Calculation of common factors. The methods of factor analysis are usually divided into two groups: simplified and modern approximating [13]. Currently, the methods of the second group are mainly used, which assume that the first, approximate solution has already been found and is optimized in some way by subsequent steps. The maximum likelihood method is considered to be the most accurate and at the same time the most difficult [14,15]. However, the method of the main factors, which is included in most modern PPSP, has become the most widespread. It is based on the MGK, which allows you to obtain the initial factor loads in the m-dimensional feature space. After that, the transition from the m-dimensional space to the k-dimensional space of common factors is carried out, as a result of which those axes along which the observed variability does not go beyond the accepted errors are removed.
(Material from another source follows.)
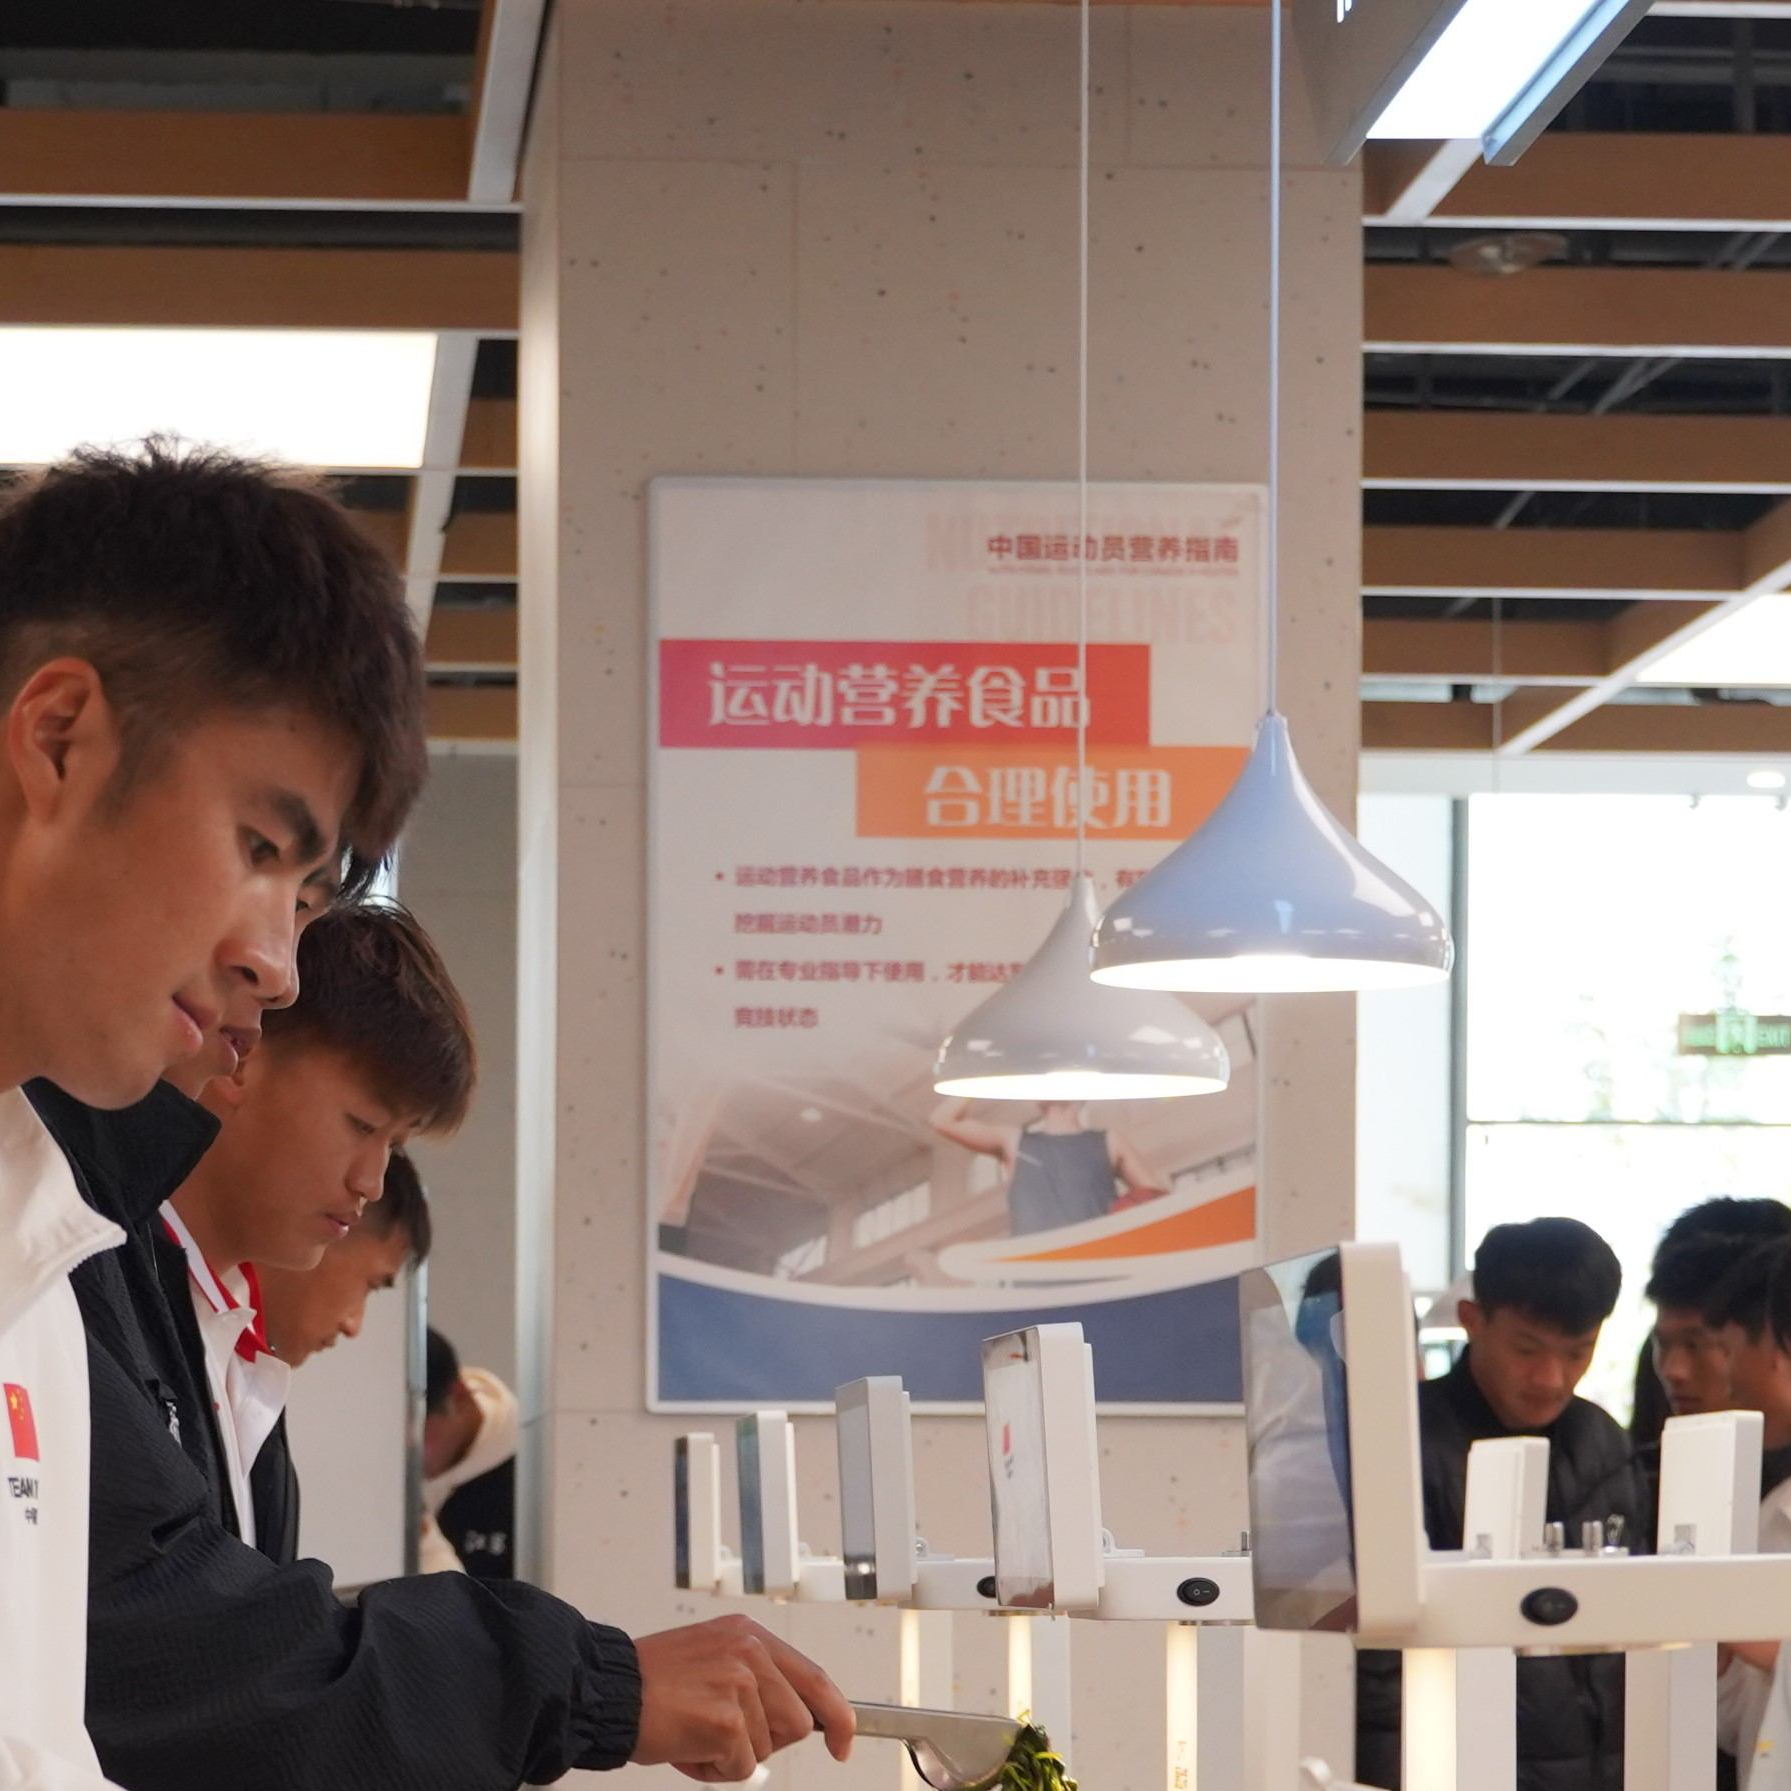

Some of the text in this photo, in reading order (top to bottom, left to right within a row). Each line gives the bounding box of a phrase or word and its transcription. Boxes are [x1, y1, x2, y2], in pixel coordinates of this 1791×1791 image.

[987, 534, 1240, 562] 中国运动员营养指南
[709, 662, 1090, 729] 运动营养食品
[923, 765, 1171, 830] 合理使用
Then the secondary rotation of the axes is carried out already in the space of k common factors in such a way that as many factor loads as possible turn out to be close to zero, and the remaining factor loads, on the contrary, would be as close as possible to ± 1. This procedure is called the principle of simple structure. As a result, the variance of observations is redistributed and at the same time, the geometric structure of the source data is distorted. In cases where the best interpretability of the results is achieved, the use of MFAs can be considered justified.
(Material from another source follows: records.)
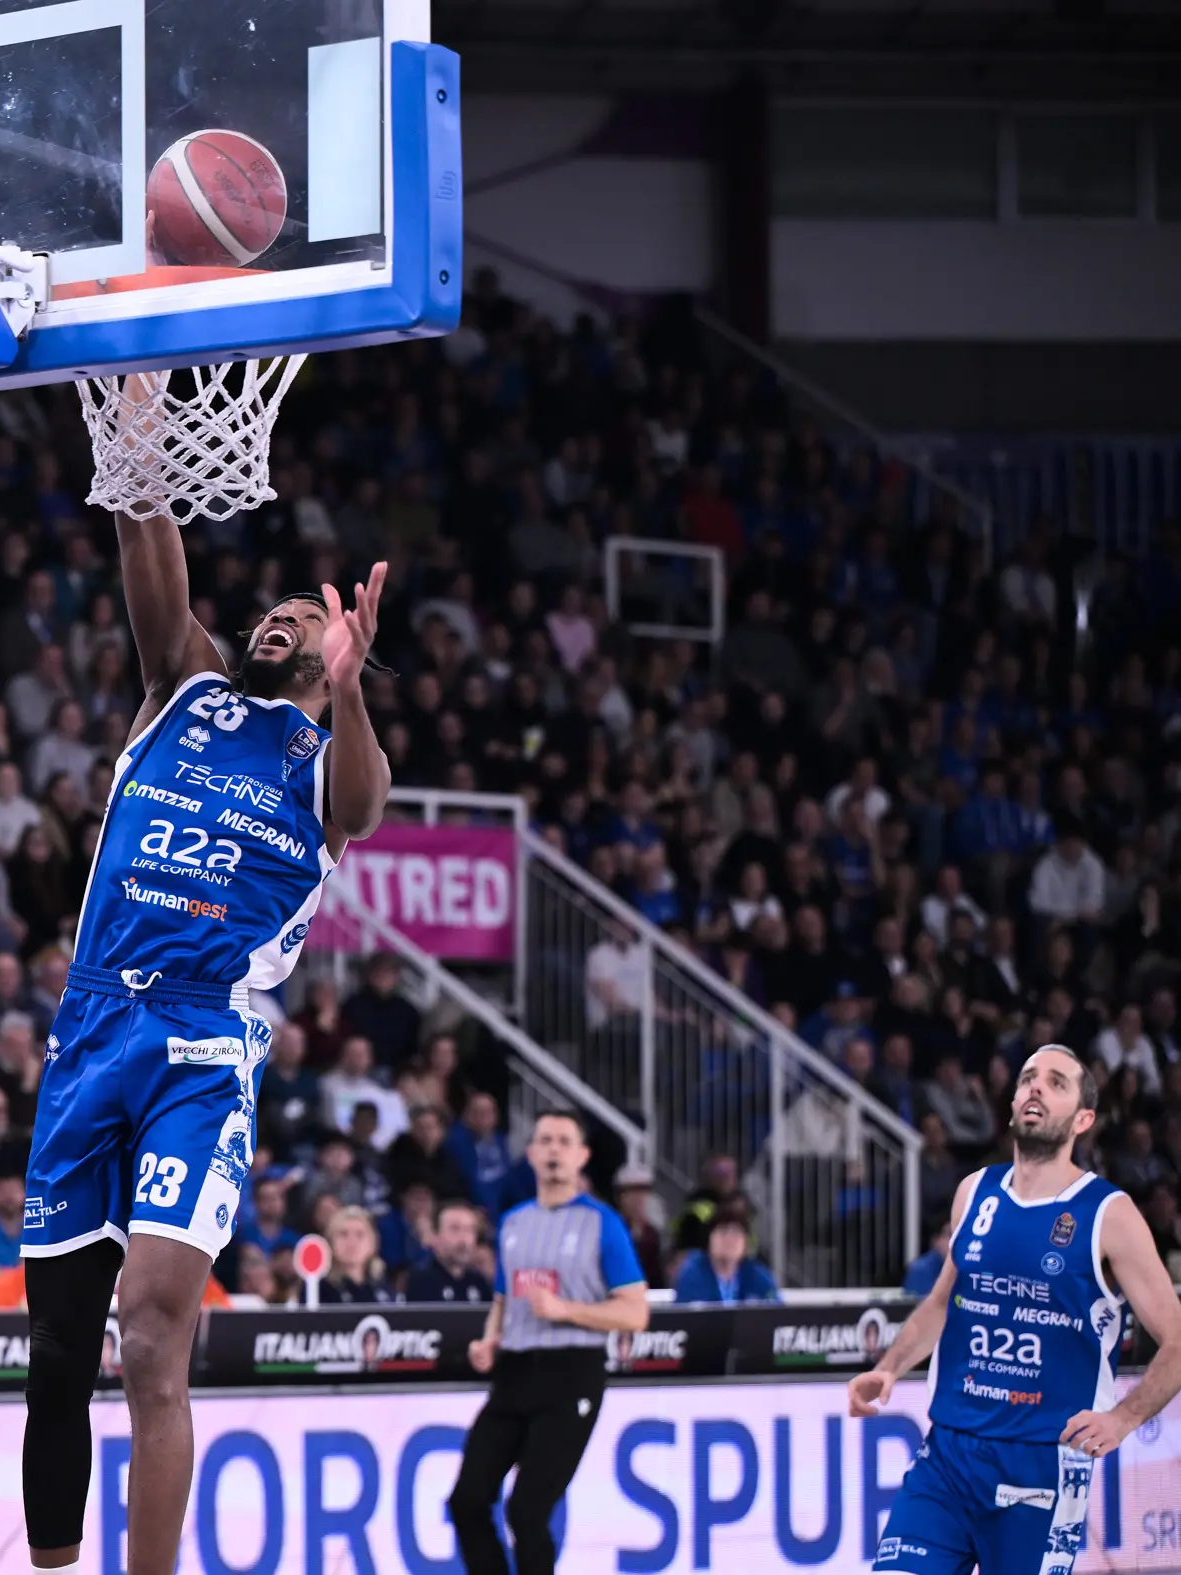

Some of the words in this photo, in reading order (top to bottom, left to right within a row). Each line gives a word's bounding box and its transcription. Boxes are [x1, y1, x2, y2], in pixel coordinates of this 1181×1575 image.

[187, 687, 249, 731] 23
[140, 819, 242, 873] a2a
[216, 808, 306, 860] MEGRANI
[131, 857, 159, 871] LIFE
[160, 864, 232, 887] COMPANY
[121, 876, 228, 922] Humangest
[134, 1152, 188, 1208] 23
[24, 1200, 68, 1218] ALTELO
[972, 1196, 999, 1236] 8
[253, 1332, 355, 1363] ITALIAN
[352, 1314, 442, 1363] OPTIC
[772, 1324, 858, 1354] ITALIAN
[1012, 1307, 1083, 1332] MEGRANI
[969, 1324, 1043, 1367] a2a
[963, 1375, 1043, 1405] Humangest
[968, 1359, 987, 1372] LIFE
[988, 1361, 1041, 1379] COMPANY
[1141, 1508, 1181, 1552] SR
Thus, the general block diagram for calculating common factors can be presented as follows (Figure 1).
X is a matrix of initial data of size mхn;
Z is a standardized matrix of the same size;
R is a correlation matrix of size mхm;
Rh is a reduced correlation matrix of size mхm;
λ is a vector column of eigenvalues of the matrix Rh with length m;
A0 is a matrix of initial factor loads of size mхm;
λk is a vector column of eigenvalues of the matrix Rh of length k;
A is the matrix of final factor loads of size kхm;
F is the matrix of main factors of size kхn.
The first difference between MFA and MGK begins from the moment of transition from the usual correlation matrix to the reduced one, in which there are commonalities on the main diagonal instead of units. Recall that generality is a fraction of the variance of variables that can be explained through common factors.
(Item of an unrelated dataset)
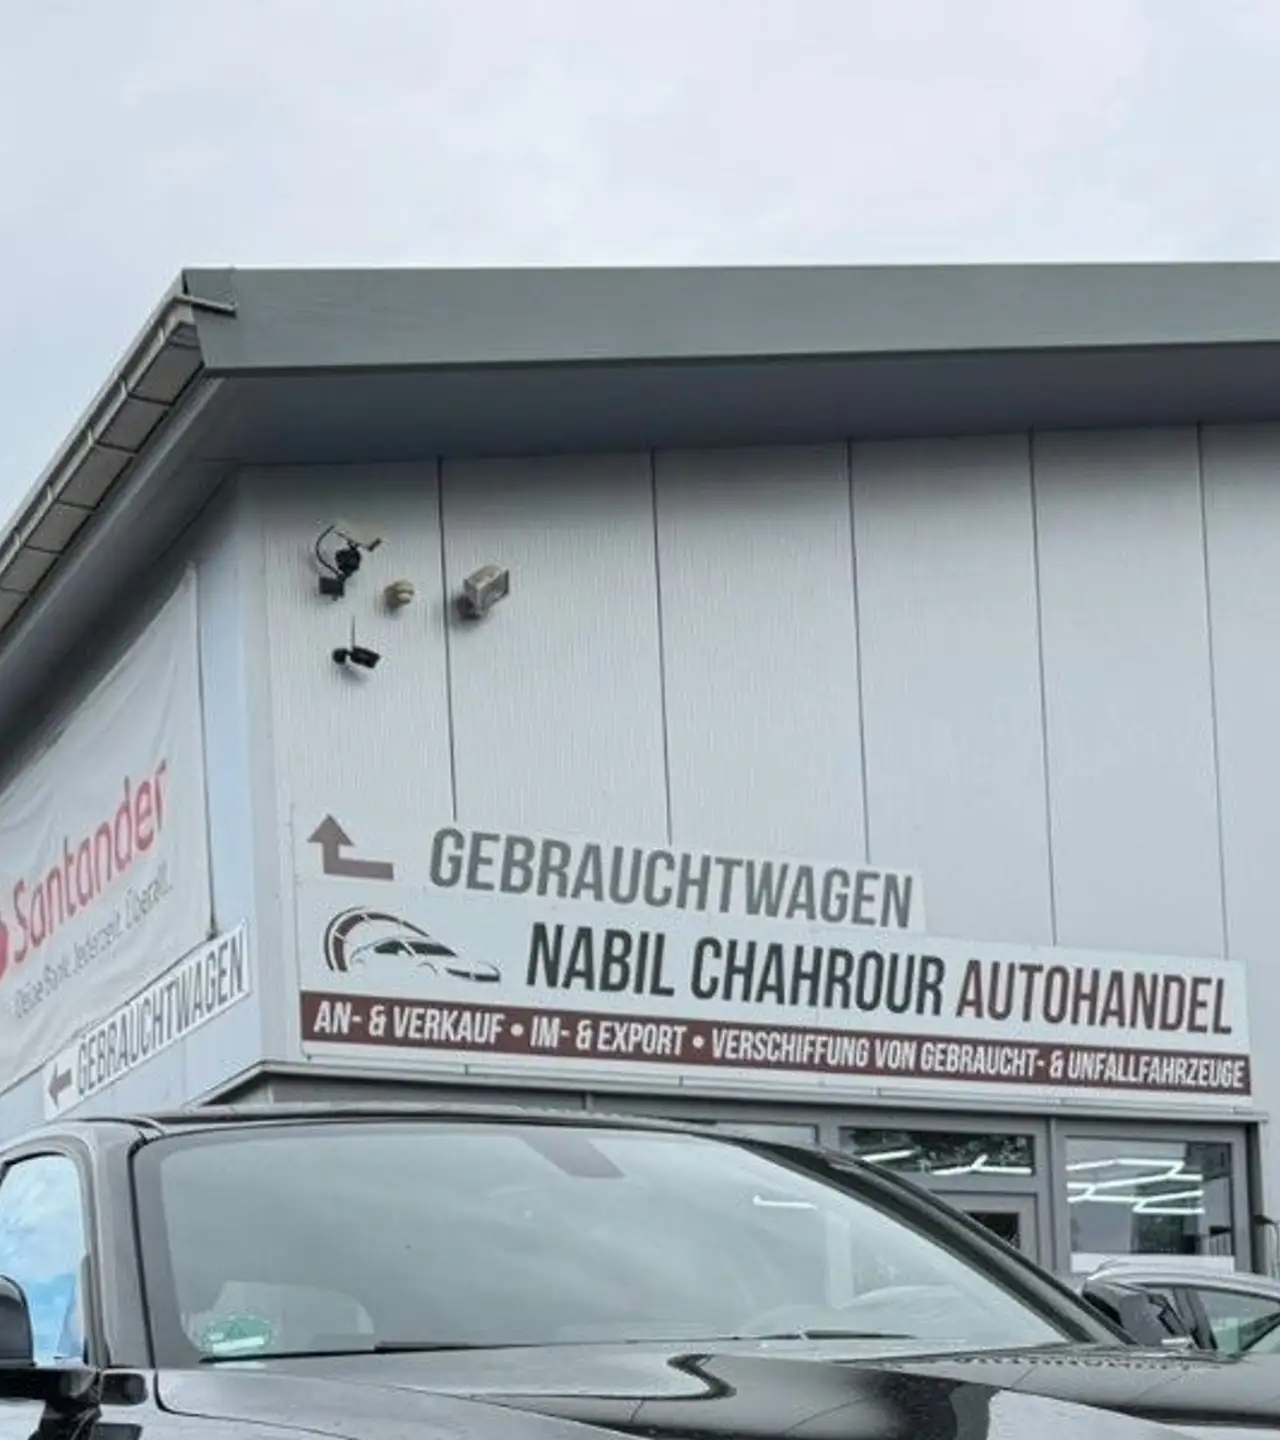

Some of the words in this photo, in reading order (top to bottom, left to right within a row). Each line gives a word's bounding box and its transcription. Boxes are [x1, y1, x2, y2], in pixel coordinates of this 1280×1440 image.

In general, the magnitude of the generality can be written as h2 = 1 – u2, where u2 is the variance of the characteristic. To determine the generality, several methods are used: the method of the greatest correlation, the Barth method, the triad method, the small centroid method, and the method of the square of the multiple correlation coefficient [13,15,16]. Most often, by default, the PPSP uses the latter method, according to which the value R2 is calculated for each variable with all other variables and substituted for the main diagonal instead of one.
Another important difference between the MFA and the CIM is the implementation of a procedure for the secondary rotation of common factors to improve their interpretability. In accordance with the principle of a simple structure, its main task, which consists of assessing the sufficiency of the number of turns, is usually solved on the basis of special criteria based on the representation of the variance of factor loads as a measure of the complexity of the structure of factors. This variance is calculated using the formula:
where a2jq are the elements of the factor mapping matrix, i.e. the magnitude of factor loads, and k is the number of common factors.
It follows from formula (18) that the value of the variance will be maximum when one of the values of the squared loads is equal to the community h2j, and all other elements in the line are zero. It is precisely in maximizing the criterion (18) by rotating the coordinate axes that the essence of the orthogonal rotation of the factor space consists. For this purpose, the following criteria are used [13,16]: quartimax, varimax, oblimax, quartimin, oblimin.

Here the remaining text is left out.